Hemodynamic function in acute pancreatitis.

Acute pancreatitis is often associated with impaired cardiovascular function. This study examined the systemic cardiovascular effect of acute pancreatitis induced by injection of autologous bile (0.5 ml/kg) into the canine pancreatic duct. After acute pancreatitis was induced, eight dogs were given no resuscitation (group 1, untreated pancreatitis), and lactated Ringer's solution was infused in 11 dogs (group II, treated pancreatitis) to maintain mean arterial pressure and pulmonary wedge pressure at control values.

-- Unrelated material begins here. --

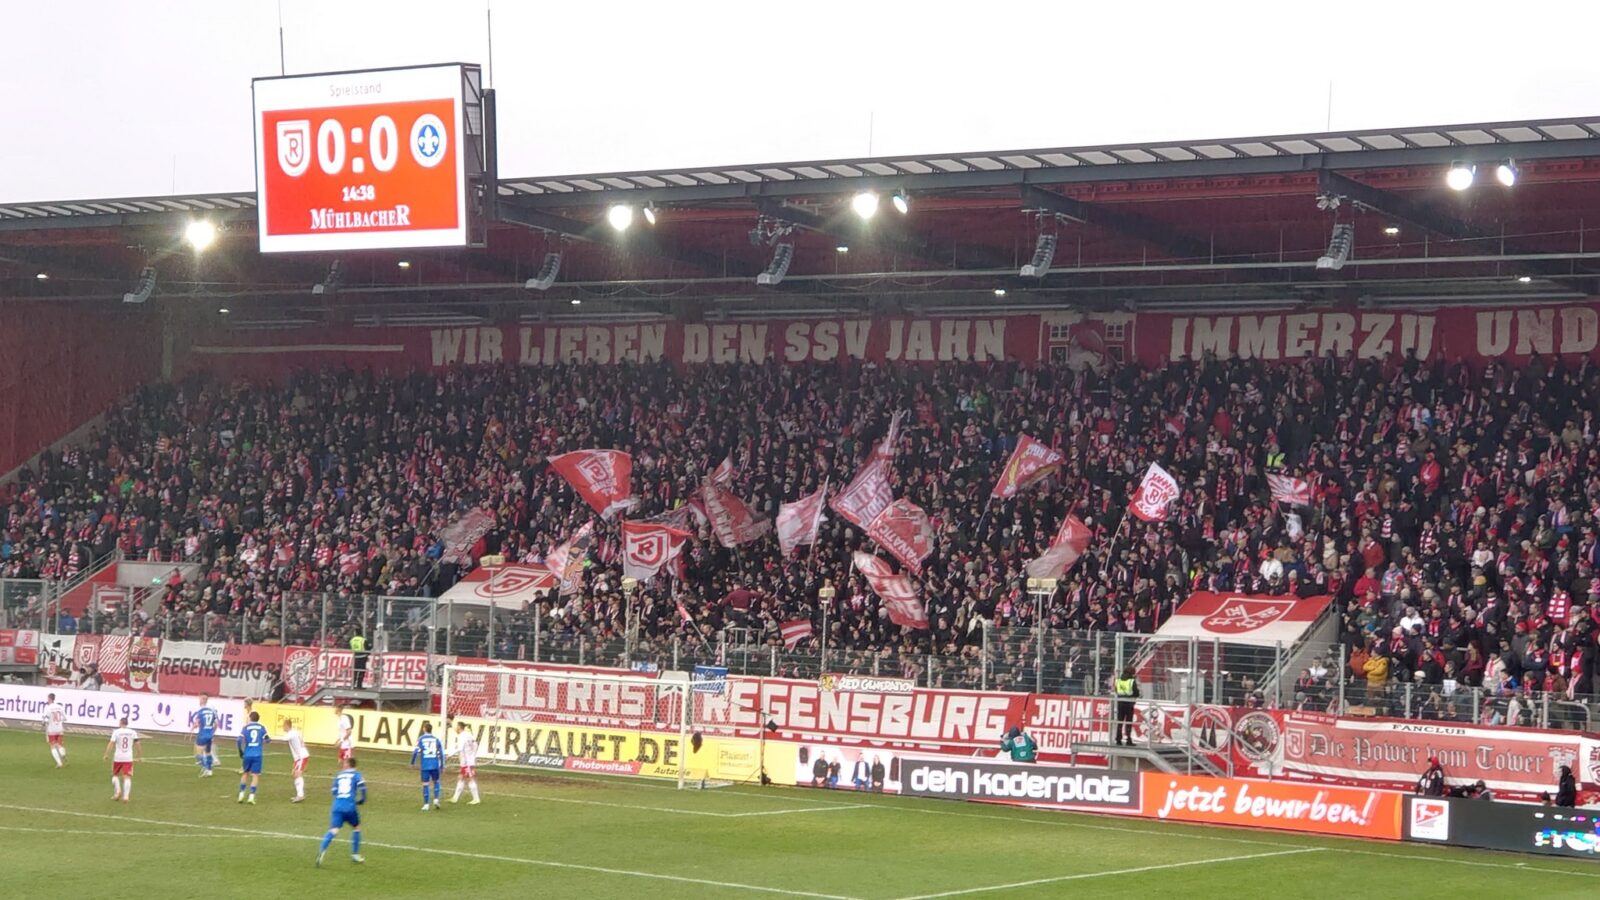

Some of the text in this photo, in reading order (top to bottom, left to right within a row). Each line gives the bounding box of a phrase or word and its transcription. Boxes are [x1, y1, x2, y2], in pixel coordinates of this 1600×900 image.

In the untreated pancreatitis group, mean arterial pressure, cardiac output, stroke volume, and stroke work values decreased (mean arterial pressure from 101 +/- 4 to 74 +/- 12 mm Hg, cardiac output from 118 +/- 7 to 56.2 +/- 1.1 ml/min/kg; stroke volume from 0.93 +/- 0.08 to 0.22 +/- 0.07 ml/beat/kg; p less than 0.05), whereas heart rate and peripheral resistance increased (heart rate from 125 +/- 7 to 185 +/- 10 beats/min, peripheral vascular resistance from 3130 +/- 410 to 4436 +/- 610 dynes/sec/cm5; p less than 0.05). Although coronary blood flow, endocardial-epicardial flow ratio, and myocardial oxygen delivery values decreased progressively in group I after induction of pancreatitis, these changes did not achieve statistical significance. All indices of cardiovascular function and coronary blood flow remained unchanged in group II. Neither dP/dt max, the maximal rate of left ventricular pressure increase, nor dP/dt at a developed pressure of 40 mm Hg (an index of myocardial contractility minimally affected by changes in preload and afterload) were depressed by bile-induced acute canine pancreatitis in either group. Our data indicate that the detrimental effects of acute pancreatitis on cardiovascular function are related solely to hypovolemia and reduced cardiac filling and not to humoral or reflex effects induced by the disease.